Creating Text-Audio Datasets is essential when building Machine-Learning Based Applications. Datasets pose a foundation for a variety of Applications, such as building a voice cloning tool that can reproduce an accurate intonation of a person’s voice, to an application that allows user’s to query and navigate audio conversations.

Whisper is a popular Open-Source Machine Learning Model to transcribe Speech Audio, alternatively to other popular propiertary APIs like Assembly AI’s Conformer Model. In this Tutorial, we want to show you, how you might create your own Audio-Text Dataset locally using Huggingface’s Transformers Library and using an adapted, faster version in JAX by Sanchit Gandhi.

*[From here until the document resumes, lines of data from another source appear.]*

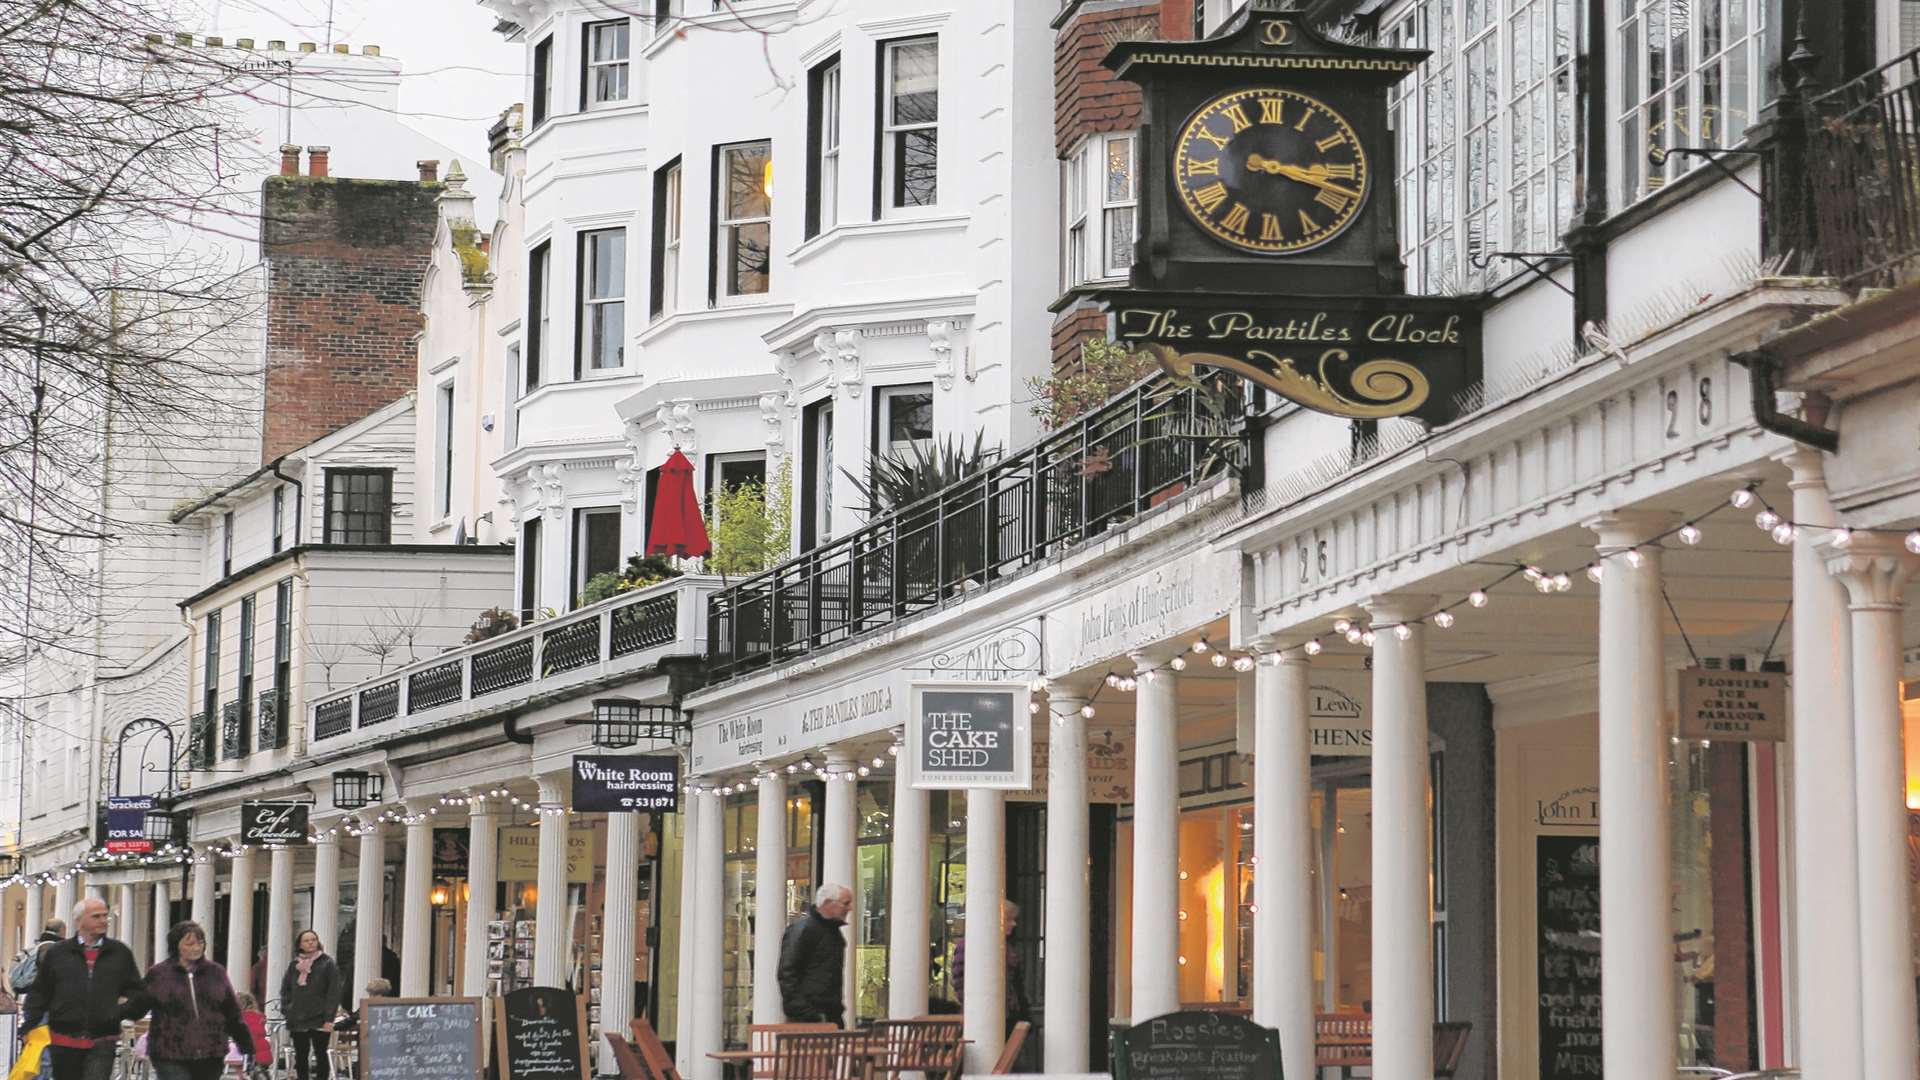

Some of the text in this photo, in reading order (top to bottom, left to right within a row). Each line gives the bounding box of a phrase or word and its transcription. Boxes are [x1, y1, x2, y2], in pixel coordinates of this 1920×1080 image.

[1120, 308, 1461, 344] The Pantiles Clock
[1665, 376, 1713, 440] 28
[1718, 689, 1745, 698] ICE
[1316, 695, 1363, 713] Lewis
[1702, 700, 1759, 710] CREAM
[808, 706, 825, 732] THE
[927, 711, 973, 731] THE
[1697, 710, 1767, 721] PARLOUR
[717, 715, 763, 745] The White Room
[928, 730, 999, 749] CAKE
[576, 760, 598, 769] The
[928, 748, 990, 768] SHED
[578, 768, 674, 781] White Room
[606, 781, 674, 793] hairdressing
[635, 797, 675, 808] 531871
[1535, 799, 1582, 824] John
[108, 829, 144, 838] FOR SAL
[406, 1005, 437, 1018] CAKE

We also want to introduce our experimental library called NeuraLumaWhisper that might serve as a bootstrap of your Efforts for building an appropiate Dataset quicker using a handy CLI / WebUI.

Setting up a virtual environment

We recommend to install Miniconda for managing your virtual environments. In this tutorial, we assume you do so, but feel free to change up this step based on your prefered environment!

First we will create a fresh environment:

conda create -n whisperTutorial python==3.10
conda activate whisperTutorial

Setting up our project

Create a directory of your choice, in our case we will name it WhisperTutorial:

mkdir WhisperTutorial
cd WhisperTutorial

Before we can get started, let’s install the necessary package notebook and ipykernel so we can edit our Notebook in the Browser. We also need the transformers, pytorch and datasets library. Let’s install them all together:

pip install ipykernel notebook transformers torch torchvision torchaudio datasets "datasets[audio]"

Additionally, we also use ffmpeg to interact with Audio Files, install it via conda like so:

conda install ffmpeg -c conda-forge 

Let’s open the jupyter server by entering the command:

jupyter notebook

Now let’s create a new file by clicking File and New then Notebook in the header context menu. Select the kernel Python 3 (ipykernel) Feel free to rename the notebook to tutorial.ipynb.

Using Whisper with Transformer Pipelines

Huggingface Pipelines make it really easy to use Whisper. Here is how we define our Whisper Pipeline:

from transformers import pipeline

whisper_pipeline = pipeline(model="openai/whisper-large-v2")

You may also choose other checkpoints. Here is an overview from OpenAI:

Model NameParametersEnglish-onlyMultilingual
openai/whisper-tiny39 M
openai/whisper-base74 M
openai/whisper-small244 M
openai/whisper-medium769 M
openai/whisper-large1550 Mx
openai/whisper-large-v21550 Mx
Based on the size of the model, the results may differ. Use one of the large models if you want to have Multilingual transcriptions.

Let’s get some samples from Mozilla’s common_voice_11_0 dataset. Notice how we use the option for streaming to prevent downloading the whole dataset. Using this option is not necessary, but avoids downloading the whole dataset:

from datasets import load_dataset

audio_dataset = load_dataset("mozilla-foundation/common_voice_11_0", "en", split="test", streaming=True)
audio_data_samples = audio_dataset.take(10)

As transcribing the whole dataset might take very long we have decided to just load the first 10. Let’s use those to transcribe them with the whisper_pipeline:

transcriptions = [whisper_pipeline(sample["audio"]) for sample in audio_data_samples]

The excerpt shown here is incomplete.